▶ [About this exercise]:
From the first line to the last, copy the listing below word for word.

▶ [Input for this task]:
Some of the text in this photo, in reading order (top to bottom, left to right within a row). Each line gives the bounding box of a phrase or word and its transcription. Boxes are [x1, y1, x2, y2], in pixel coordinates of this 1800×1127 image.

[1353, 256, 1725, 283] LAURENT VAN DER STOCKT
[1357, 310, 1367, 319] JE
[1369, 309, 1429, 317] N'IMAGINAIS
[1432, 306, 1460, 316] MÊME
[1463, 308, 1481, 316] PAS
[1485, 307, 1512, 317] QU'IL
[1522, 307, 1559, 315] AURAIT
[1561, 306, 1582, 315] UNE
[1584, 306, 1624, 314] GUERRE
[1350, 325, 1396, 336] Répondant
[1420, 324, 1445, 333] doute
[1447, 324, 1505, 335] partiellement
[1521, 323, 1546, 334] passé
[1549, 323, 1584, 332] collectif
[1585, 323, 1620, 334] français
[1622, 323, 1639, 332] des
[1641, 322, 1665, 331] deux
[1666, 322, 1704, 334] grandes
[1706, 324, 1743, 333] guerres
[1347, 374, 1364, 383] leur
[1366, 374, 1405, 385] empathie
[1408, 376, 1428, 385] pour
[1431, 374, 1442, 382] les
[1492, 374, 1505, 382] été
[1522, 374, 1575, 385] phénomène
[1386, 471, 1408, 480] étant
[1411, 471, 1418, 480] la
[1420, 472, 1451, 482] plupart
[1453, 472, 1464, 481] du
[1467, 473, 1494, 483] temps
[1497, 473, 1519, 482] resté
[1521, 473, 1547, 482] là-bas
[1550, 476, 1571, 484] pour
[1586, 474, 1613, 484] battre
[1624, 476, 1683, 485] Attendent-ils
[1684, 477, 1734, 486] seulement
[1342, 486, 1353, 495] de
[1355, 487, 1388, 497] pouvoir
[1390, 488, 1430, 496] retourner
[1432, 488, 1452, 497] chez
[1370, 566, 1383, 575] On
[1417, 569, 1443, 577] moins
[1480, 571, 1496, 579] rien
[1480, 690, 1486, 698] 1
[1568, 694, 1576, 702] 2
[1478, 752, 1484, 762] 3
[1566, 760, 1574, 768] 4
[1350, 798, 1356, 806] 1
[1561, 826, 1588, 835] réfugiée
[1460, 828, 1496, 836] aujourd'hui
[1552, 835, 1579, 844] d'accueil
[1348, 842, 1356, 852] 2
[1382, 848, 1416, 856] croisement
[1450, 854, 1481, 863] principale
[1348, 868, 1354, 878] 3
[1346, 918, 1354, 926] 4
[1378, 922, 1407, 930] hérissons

▶ [Written answer]:
Some of the text in this photo, in reading order (top to bottom, left to right within a row). Each line gives the bounding box of a phrase or word and its transcription. Boxes are [x1, y1, x2, y2], in pixel coordinates of this 1800×1127 image.

[1353, 256, 1725, 283] LAURENT VAN DER STOCKT
[1357, 310, 1367, 319] JE
[1369, 309, 1429, 317] N'IMAGINAIS
[1432, 306, 1460, 316] MÊME
[1463, 308, 1481, 316] PAS
[1485, 307, 1512, 317] QU'IL
[1522, 307, 1559, 315] AURAIT
[1561, 306, 1582, 315] UNE
[1584, 306, 1624, 314] GUERRE
[1350, 325, 1396, 336] Répondant
[1420, 324, 1445, 333] doute
[1447, 324, 1505, 335] partiellement
[1521, 323, 1546, 334] passé
[1549, 323, 1584, 332] collectif
[1585, 323, 1620, 334] français
[1622, 323, 1639, 332] des
[1641, 322, 1665, 331] deux
[1666, 322, 1704, 334] grandes
[1706, 324, 1743, 333] guerres
[1347, 374, 1364, 383] leur
[1366, 374, 1405, 385] empathie
[1408, 376, 1428, 385] pour
[1431, 374, 1442, 382] les
[1492, 374, 1505, 382] été
[1522, 374, 1575, 385] phénomène
[1386, 471, 1408, 480] étant
[1411, 471, 1418, 480] la
[1420, 472, 1451, 482] plupart
[1453, 472, 1464, 481] du
[1467, 473, 1494, 483] temps
[1497, 473, 1519, 482] resté
[1521, 473, 1547, 482] là-bas
[1550, 476, 1571, 484] pour
[1586, 474, 1613, 484] battre
[1624, 476, 1683, 485] Attendent-ils
[1684, 477, 1734, 486] seulement
[1342, 486, 1353, 495] de
[1355, 487, 1388, 497] pouvoir
[1390, 488, 1430, 496] retourner
[1432, 488, 1452, 497] chez
[1370, 566, 1383, 575] On
[1417, 569, 1443, 577] moins
[1480, 571, 1496, 579] rien
[1480, 690, 1486, 698] 1
[1568, 694, 1576, 702] 2
[1478, 752, 1484, 762] 3
[1566, 760, 1574, 768] 4
[1350, 798, 1356, 806] 1
[1561, 826, 1588, 835] réfugiée
[1460, 828, 1496, 836] aujourd'hui
[1552, 835, 1579, 844] d'accueil
[1348, 842, 1356, 852] 2
[1382, 848, 1416, 856] croisement
[1450, 854, 1481, 863] principale
[1348, 868, 1354, 878] 3
[1346, 918, 1354, 926] 4
[1378, 922, 1407, 930] hérissons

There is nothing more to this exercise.